## Problem requirements
Copy every record exactly as it appears in the data below.

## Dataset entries
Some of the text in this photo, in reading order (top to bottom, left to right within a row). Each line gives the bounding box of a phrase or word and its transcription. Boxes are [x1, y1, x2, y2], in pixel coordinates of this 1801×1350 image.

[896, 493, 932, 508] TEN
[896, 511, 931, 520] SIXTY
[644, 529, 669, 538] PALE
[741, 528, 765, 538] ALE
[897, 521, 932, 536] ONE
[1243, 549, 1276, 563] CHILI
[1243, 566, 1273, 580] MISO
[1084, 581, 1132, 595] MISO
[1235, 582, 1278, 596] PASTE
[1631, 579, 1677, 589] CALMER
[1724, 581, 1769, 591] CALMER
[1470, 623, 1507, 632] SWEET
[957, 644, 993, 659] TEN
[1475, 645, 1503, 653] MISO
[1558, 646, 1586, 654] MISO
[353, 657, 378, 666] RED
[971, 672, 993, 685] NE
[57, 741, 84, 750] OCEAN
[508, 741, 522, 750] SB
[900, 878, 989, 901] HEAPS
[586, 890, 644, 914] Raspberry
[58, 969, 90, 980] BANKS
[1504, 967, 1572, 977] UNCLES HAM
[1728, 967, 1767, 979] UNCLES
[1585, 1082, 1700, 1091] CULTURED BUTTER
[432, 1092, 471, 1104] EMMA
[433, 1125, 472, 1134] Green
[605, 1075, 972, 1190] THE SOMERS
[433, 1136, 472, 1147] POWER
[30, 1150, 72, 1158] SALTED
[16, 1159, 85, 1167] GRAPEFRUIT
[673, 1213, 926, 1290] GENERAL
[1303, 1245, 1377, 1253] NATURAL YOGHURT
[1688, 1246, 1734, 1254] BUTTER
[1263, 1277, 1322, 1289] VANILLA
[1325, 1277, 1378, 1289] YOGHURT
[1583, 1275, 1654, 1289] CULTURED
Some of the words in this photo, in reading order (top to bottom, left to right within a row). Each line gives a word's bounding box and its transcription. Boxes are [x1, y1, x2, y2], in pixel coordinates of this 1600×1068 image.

## Reply to the task
Some of the text in this photo, in reading order (top to bottom, left to right within a row). Each line gives the bounding box of a phrase or word and its transcription. Boxes are [x1, y1, x2, y2], in pixel coordinates of this 1801×1350 image.

[896, 493, 932, 508] TEN
[896, 511, 931, 520] SIXTY
[644, 529, 669, 538] PALE
[741, 528, 765, 538] ALE
[897, 521, 932, 536] ONE
[1243, 549, 1276, 563] CHILI
[1243, 566, 1273, 580] MISO
[1084, 581, 1132, 595] MISO
[1235, 582, 1278, 596] PASTE
[1631, 579, 1677, 589] CALMER
[1724, 581, 1769, 591] CALMER
[1470, 623, 1507, 632] SWEET
[957, 644, 993, 659] TEN
[1475, 645, 1503, 653] MISO
[1558, 646, 1586, 654] MISO
[353, 657, 378, 666] RED
[971, 672, 993, 685] NE
[57, 741, 84, 750] OCEAN
[508, 741, 522, 750] SB
[900, 878, 989, 901] HEAPS
[586, 890, 644, 914] Raspberry
[58, 969, 90, 980] BANKS
[1504, 967, 1572, 977] UNCLES HAM
[1728, 967, 1767, 979] UNCLES
[1585, 1082, 1700, 1091] CULTURED BUTTER
[432, 1092, 471, 1104] EMMA
[433, 1125, 472, 1134] Green
[605, 1075, 972, 1190] THE SOMERS
[433, 1136, 472, 1147] POWER
[30, 1150, 72, 1158] SALTED
[16, 1159, 85, 1167] GRAPEFRUIT
[673, 1213, 926, 1290] GENERAL
[1303, 1245, 1377, 1253] NATURAL YOGHURT
[1688, 1246, 1734, 1254] BUTTER
[1263, 1277, 1322, 1289] VANILLA
[1325, 1277, 1378, 1289] YOGHURT
[1583, 1275, 1654, 1289] CULTURED
Some of the words in this photo, in reading order (top to bottom, left to right within a row). Each line gives a word's bounding box and its transcription. Boxes are [x1, y1, x2, y2], in pixel coordinates of this 1600×1068 image.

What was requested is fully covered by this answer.